CaMKII-The "Memory" Molecule
CaMKII is a Mutli-subunit Enzyme Serving Enzymatic and Scaffolding Roles
CaMKII is composed of 12 catalytically active subunits. Using stain and cryo-electron microscopy our lab established the first 3D structure of the CaMKII holoenzyme shown in the pseudo-colored image at the right. The gear shaped association domain (yellow) holds the 12 subunits together leaving the unusual situation of having the catalytic domains (blue) extend outwards from the core in two rings of six subunits above and below the core. The proximity of the catalytic domains facilitates autophosphorylation of the subunits following Ca2+/CaM activation. Autophosphorylation sustains enzyme activity after the activating signal (elevated Ca2+) has returned to resting levels, a property fundamental to a "memory molecule".
CaMKII is Highly Concentrated in Synaptic Spines
CaMKII is one of the most abundant proteins at synapses and serves both enzymatic (phosphorylation) and structural roles. We are defining how CaMKII is activated, how is it recruited to active synapses and which synaptic proteins it interacts with. The figure at left is a hippocampal neuron cultured for 21 days in vitro stained with an antibody to CaMKII (in green) and to synapsin 1 (in red) a presynaptic protein associated with synaptic vesicles. Note the synaptic spines extending from the dendrite enriched for CaMKII, with each spine making contact with a synapsin 1 containing presynaptic terminal.

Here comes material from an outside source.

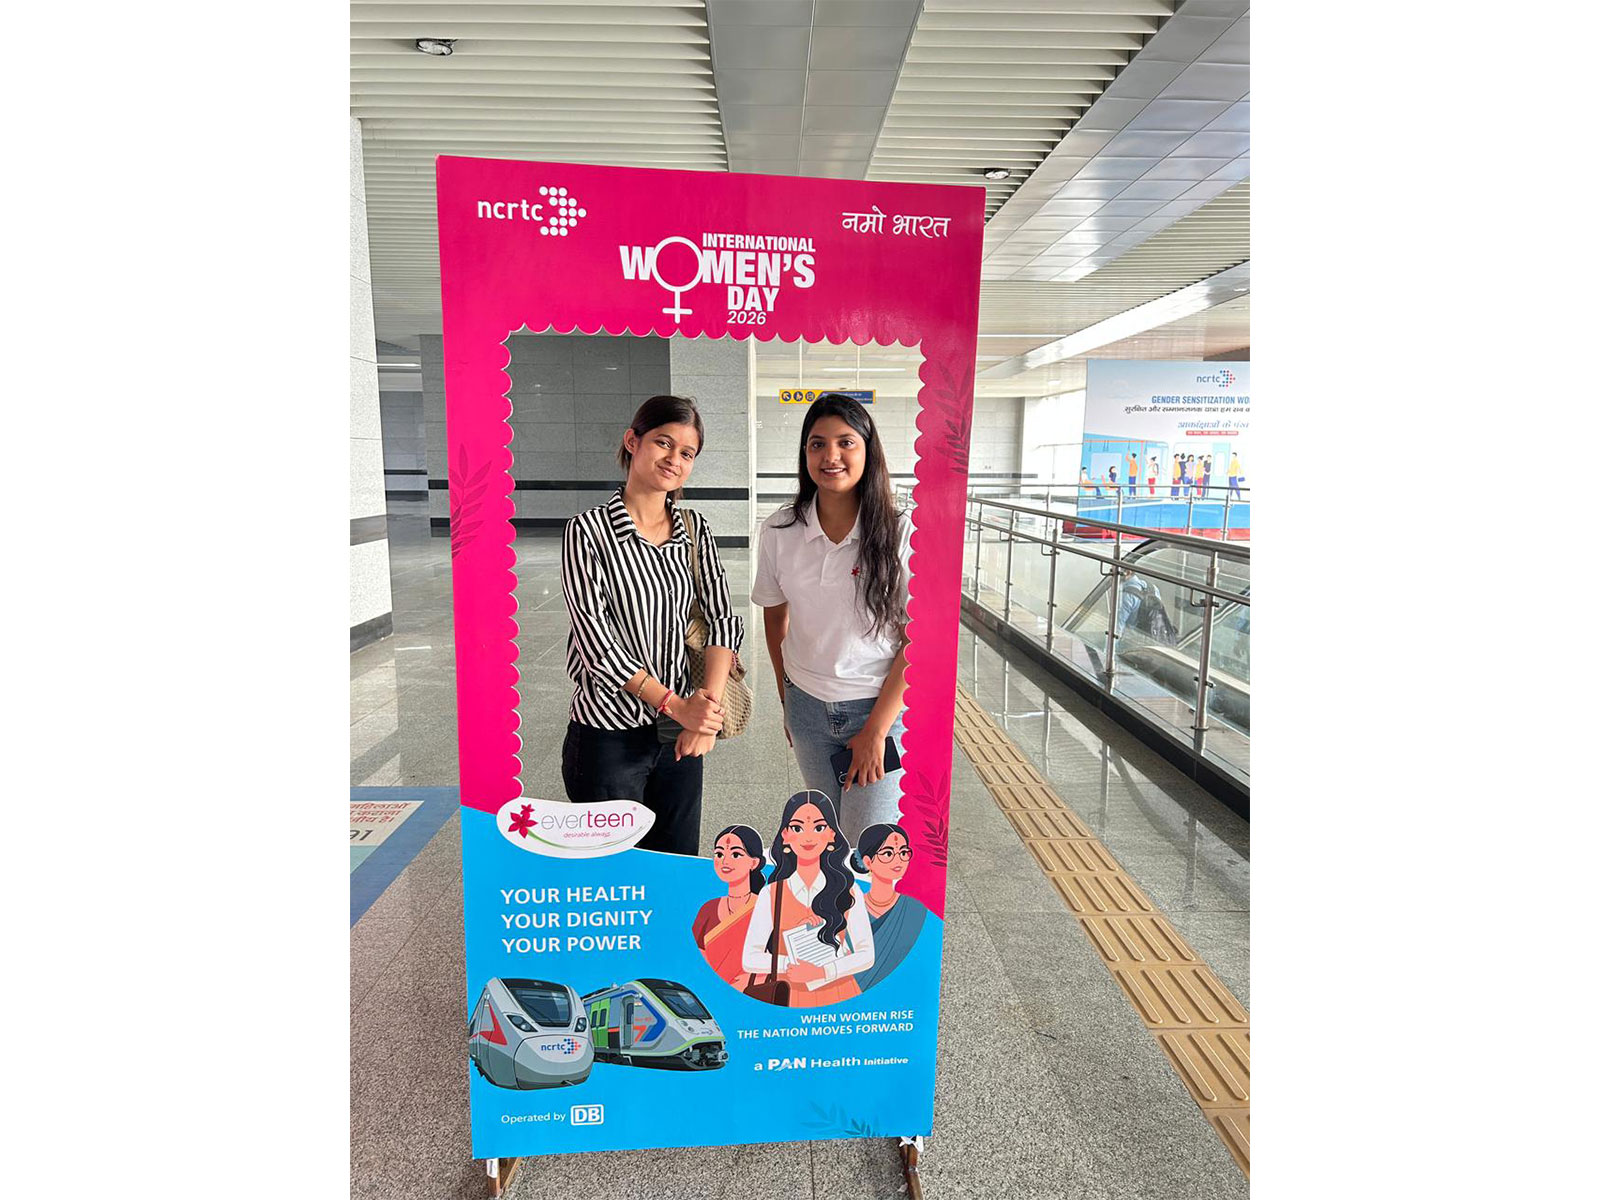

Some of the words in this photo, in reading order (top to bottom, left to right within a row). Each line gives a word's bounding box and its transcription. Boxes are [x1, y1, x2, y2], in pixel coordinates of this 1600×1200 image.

CaMKII is a Synaptic Scaffolding Protein
The multisubunit nature of CaMKII provides an ideal architecture for a scaffold protein. The geometry of CaMKII provides unique (20 nm) spacing between other interacting proteins. We showed that CaMKII interacts with F-actin (and G-actin) to control the assembly and architecture of the actin cytoskeleton. The image at right shows an electron micrograph of CaMKII and actin assemblies formed on a lipid monolayer to produce well organized 2D superstructures. The enzyme (red circles) is clearly evident bridging actin filaments. The quality of the image is sufficient to see individual actin monomers in their characteristic twisted organization within the filaments.